A slight misnomer, multi-reedist Michael Moore's quartet is only partially fragile. In fact an alternate title could be Two Sides of Michael Moore. While a good portion of the CD's 14 tracks float in an ethereal, echoing Cool Jazz mists, a few are healthy and rhythmic. Moore, a Californian who has lived in Amsterdam since the early 1980s, is a member of the ICP Orchestra and other bands, as well as leading his own ensembles. The drum chair here is filled by another Yank expat, Swiss-based Gerry Hemingway, who is constantly busy with groups on both sides of the Atlantic. The other Fragiles are Dutch: bassist Clemens van der Feen, who works with both notated music and jazz groups; and pianist Harmen Fraanje, who is part of several other groups on his own.
With Fraanje playing a more nuanced Dave Brubeck to Moore's Paul Desmond, tracks such as "Euginia Uniflora", "A Little Box of Jazz" and "Klee", swing like the best Brubeck quartet tracks but without self-conscious time signature experimentation. The first, a Brazilian waltz, rests on hard drum smacks as sweeping keyboard glissandi and melodic puffs from Moore's clarinet harmonize. The most groove-oriented of the set, the second finds Moore circling the melody with flutter-tonguing, as drum bops and piano patterns shake beside him; "Klee" is the most outside performance, eventually adding tougher drum rumbles to unaccompanied clarinet twills and twitters that initially expressed a fast-paced theme.

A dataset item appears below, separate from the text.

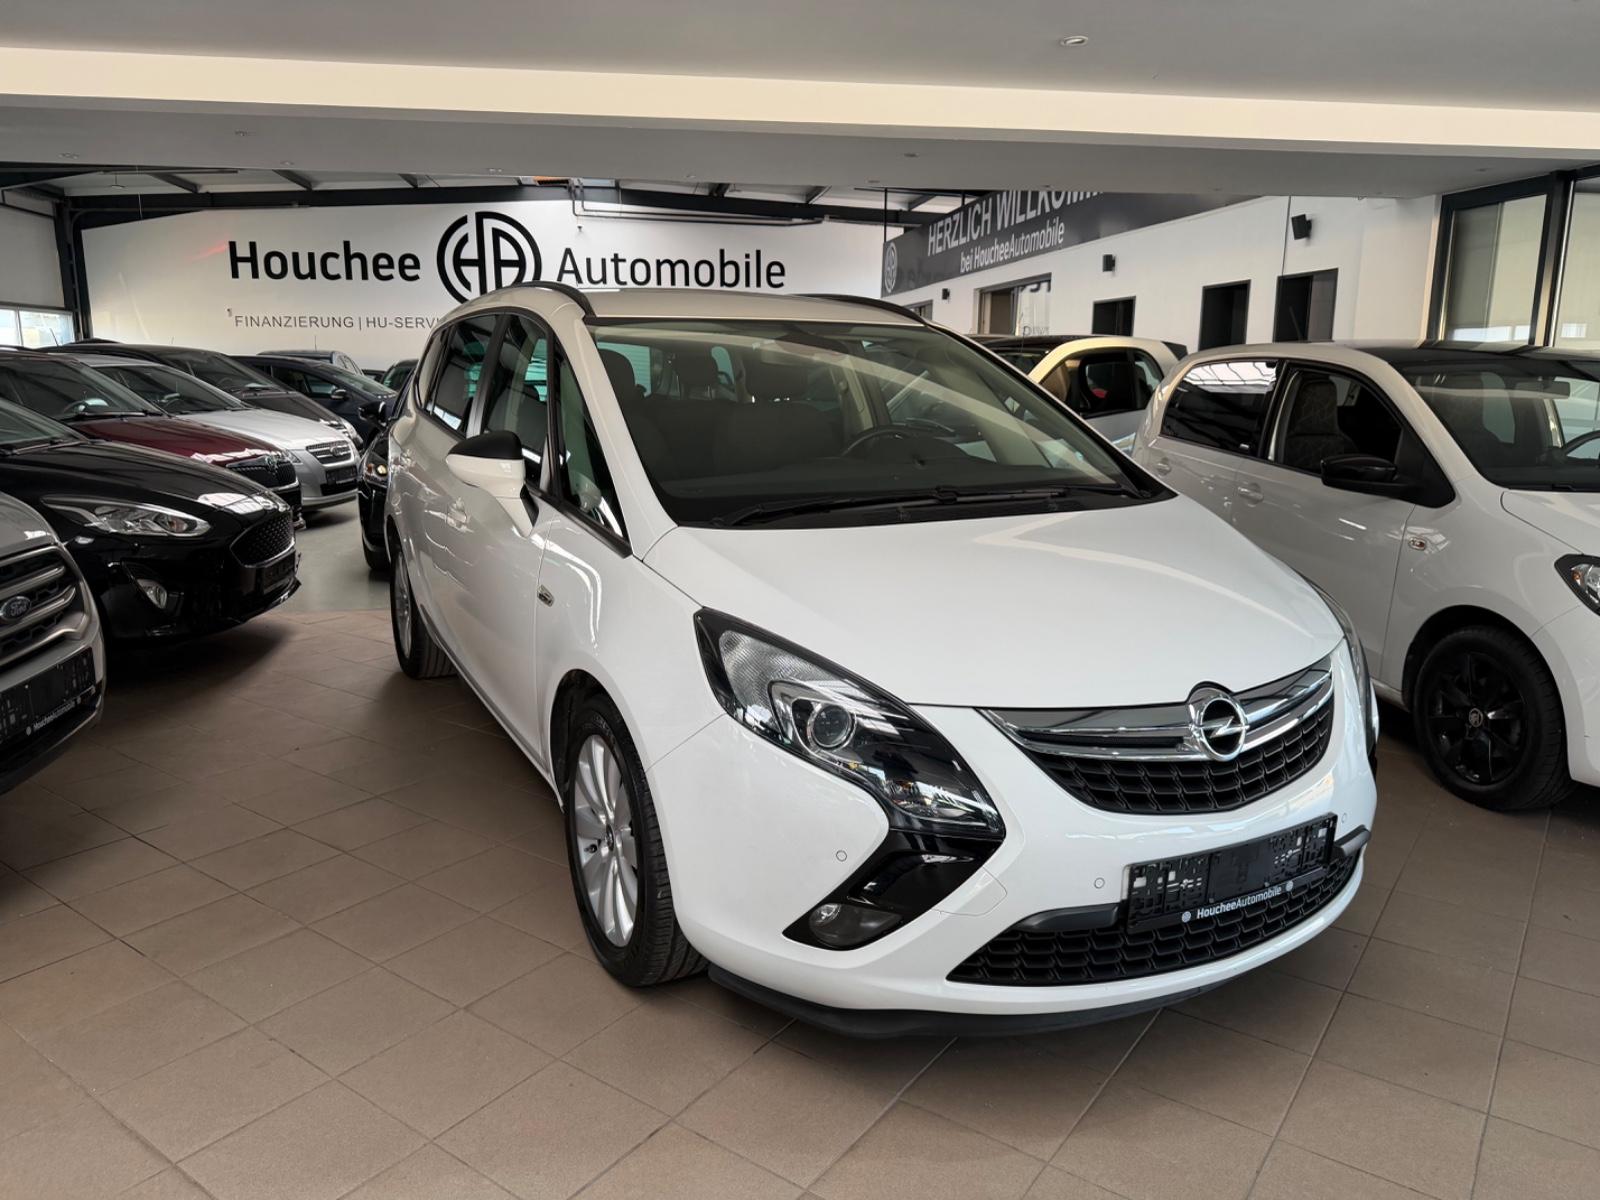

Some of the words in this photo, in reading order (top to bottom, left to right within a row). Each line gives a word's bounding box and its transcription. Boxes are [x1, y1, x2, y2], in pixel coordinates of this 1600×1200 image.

For the remainder of the tracks, moderation is the key, with frequent resonating themes and sequences keeping expositions firmly in the balladic mode. With its subtle double bass focus, "Doldrums" for instance could have wandered off a Nordic Jazz session as van der Feen's slippery strokes presage Hemingway's mallet pops and follow seeping clarinet trills. Concentrated and expansive "The Meliae" decorates its narrative with the musical equivalent of pastel colors via a dry piano melody. Furthermore "Fenix Blue", which is anything but a blues, manages to combine languid reed slurs and keyboard sprinkles with a mid-section of Hemingway clips and ruffs, culminating in a narrative that rainbow-like manages to express the colors of many pitches and tones.
While tracks are grouped into two Cretan Dialogues, the overall effect is more correctly a four-way dialogue where each player is given an equal opportunity to contribute to this high quality program.